- **PROVIDED RECORDS**:
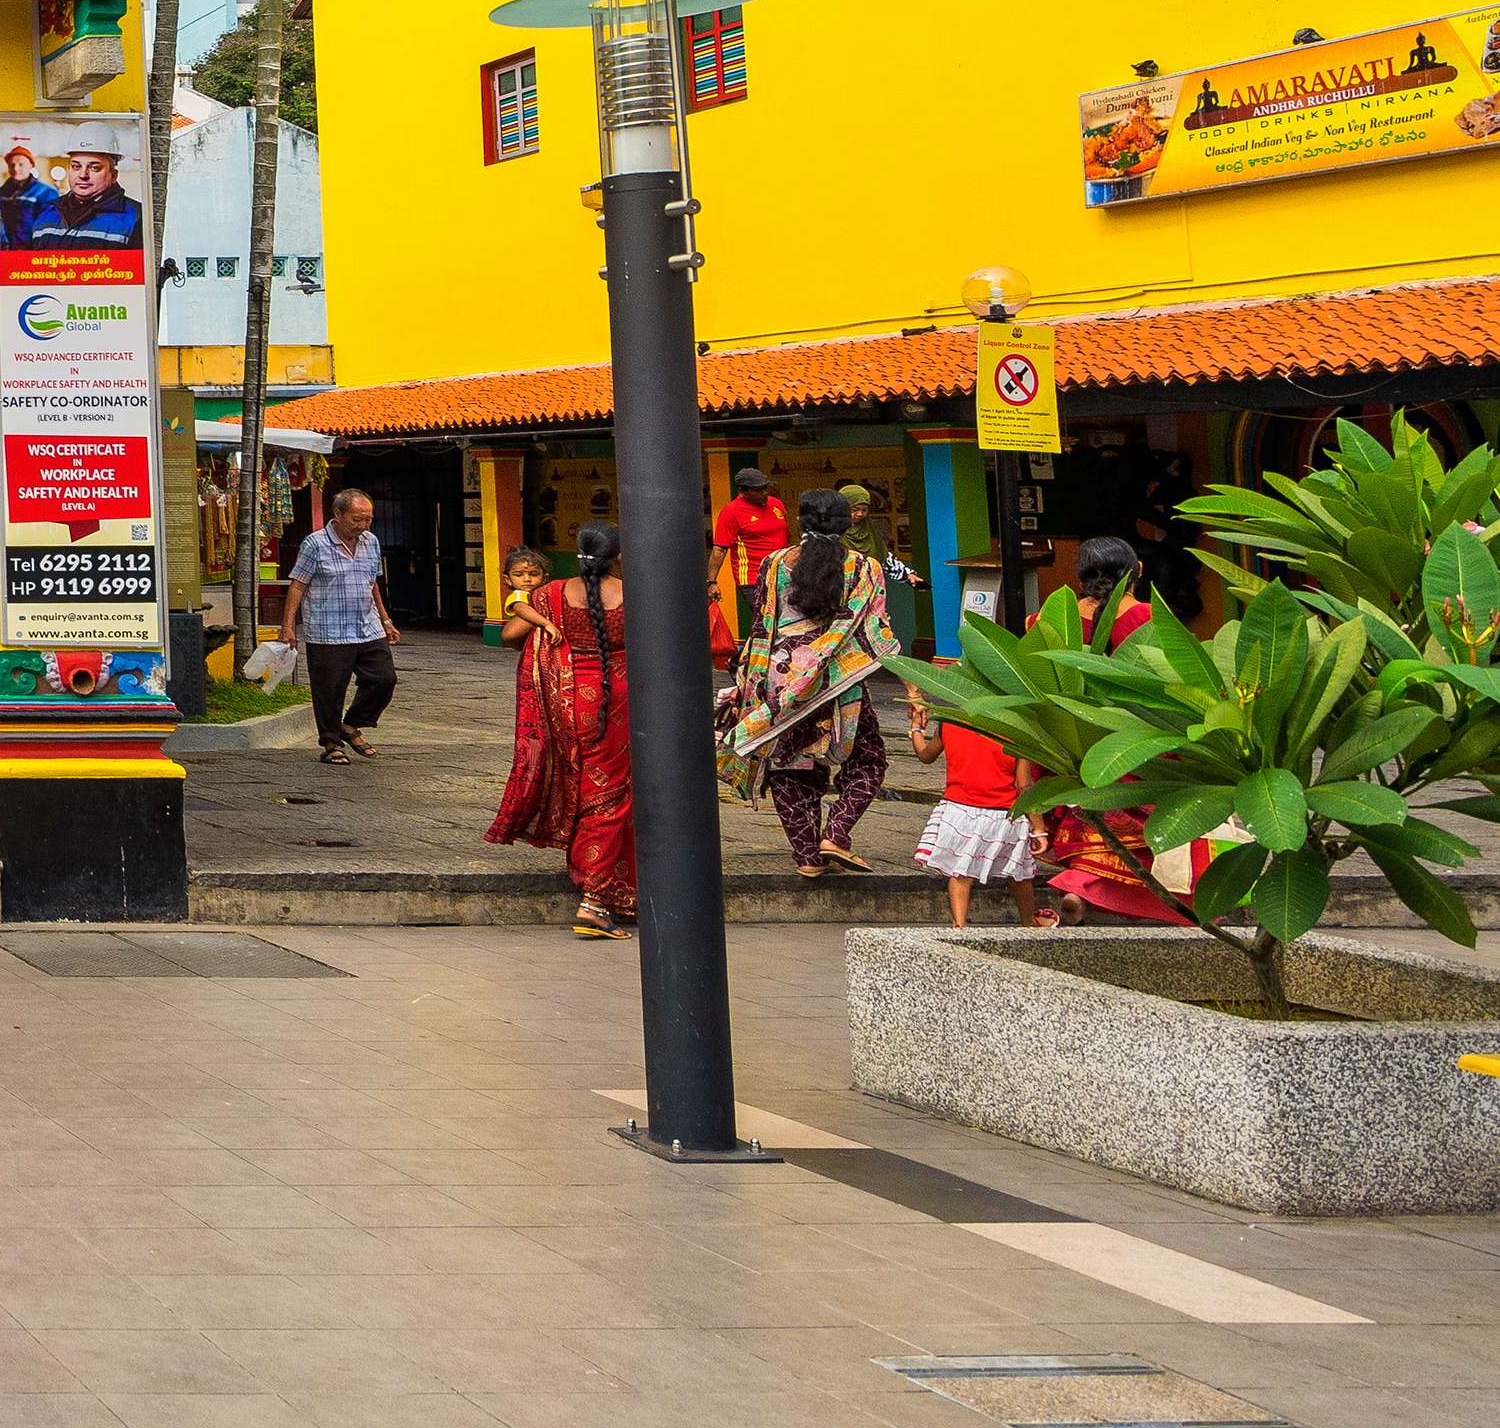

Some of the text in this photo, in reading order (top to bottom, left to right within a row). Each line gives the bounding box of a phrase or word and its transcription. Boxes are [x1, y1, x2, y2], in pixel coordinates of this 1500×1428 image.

[1464, 10, 1500, 25] Authen
[1229, 56, 1396, 109] AMARAVATI
[1135, 85, 1166, 97] Chicken
[1105, 101, 1132, 114] Dum
[1253, 85, 1376, 118] ANDHRA RUCHULLU
[1188, 86, 1455, 142] FOOD DRINKS NIRVANA
[1205, 108, 1434, 158] Classical Indian Veg Non Veg Restaurant
[66, 303, 128, 320] Avanta
[66, 322, 102, 332] Global
[983, 340, 1005, 348] Liquor
[1006, 341, 1032, 349] Control
[2, 395, 149, 408] SAFETY CO-ORDINATOR
[28, 443, 127, 458] WSQ CERTIFICATE
[40, 468, 116, 481] WORKPLACE
[18, 486, 139, 500] SAFETY AND HEALTH
[10, 553, 152, 572] Tel 6295 2112
[11, 577, 152, 596] HP 9119 6999
[30, 612, 145, 624] enquiry@avanta.com.sg
[28, 628, 149, 641] www.avanta.com.sg
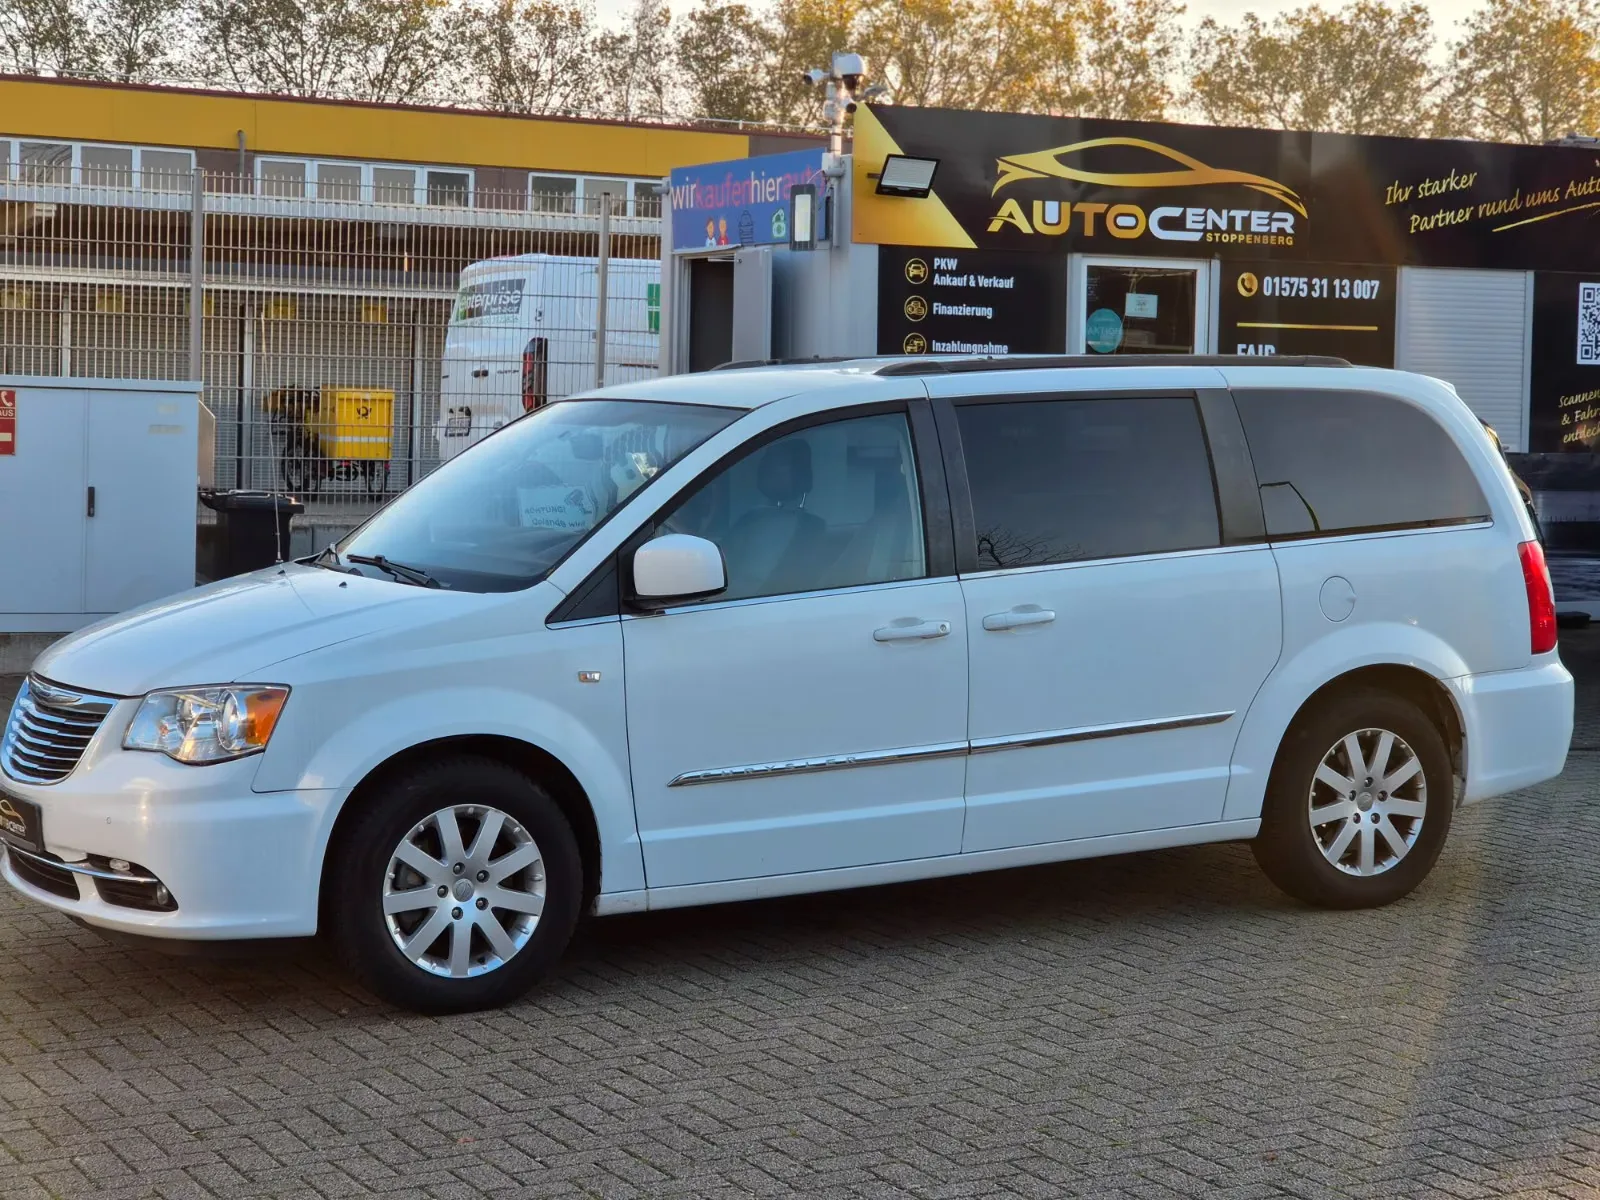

- **TASK INSTRUCTIONS**:
Every entry is to be transcribed exactly, but the pictures are to be left out.

- **FINISHED TASK**:
Some of the text in this photo, in reading order (top to bottom, left to right within a row). Each line gives the bounding box of a phrase or word and its transcription. Boxes are [x1, y1, x2, y2], in pixel coordinates of this 1500×1428 image.

[1464, 10, 1500, 25] Authen
[1229, 56, 1396, 109] AMARAVATI
[1135, 85, 1166, 97] Chicken
[1105, 101, 1132, 114] Dum
[1253, 85, 1376, 118] ANDHRA RUCHULLU
[1188, 86, 1455, 142] FOOD DRINKS NIRVANA
[1205, 108, 1434, 158] Classical Indian Veg Non Veg Restaurant
[66, 303, 128, 320] Avanta
[66, 322, 102, 332] Global
[983, 340, 1005, 348] Liquor
[1006, 341, 1032, 349] Control
[2, 395, 149, 408] SAFETY CO-ORDINATOR
[28, 443, 127, 458] WSQ CERTIFICATE
[40, 468, 116, 481] WORKPLACE
[18, 486, 139, 500] SAFETY AND HEALTH
[10, 553, 152, 572] Tel 6295 2112
[11, 577, 152, 596] HP 9119 6999
[30, 612, 145, 624] enquiry@avanta.com.sg
[28, 628, 149, 641] www.avanta.com.sg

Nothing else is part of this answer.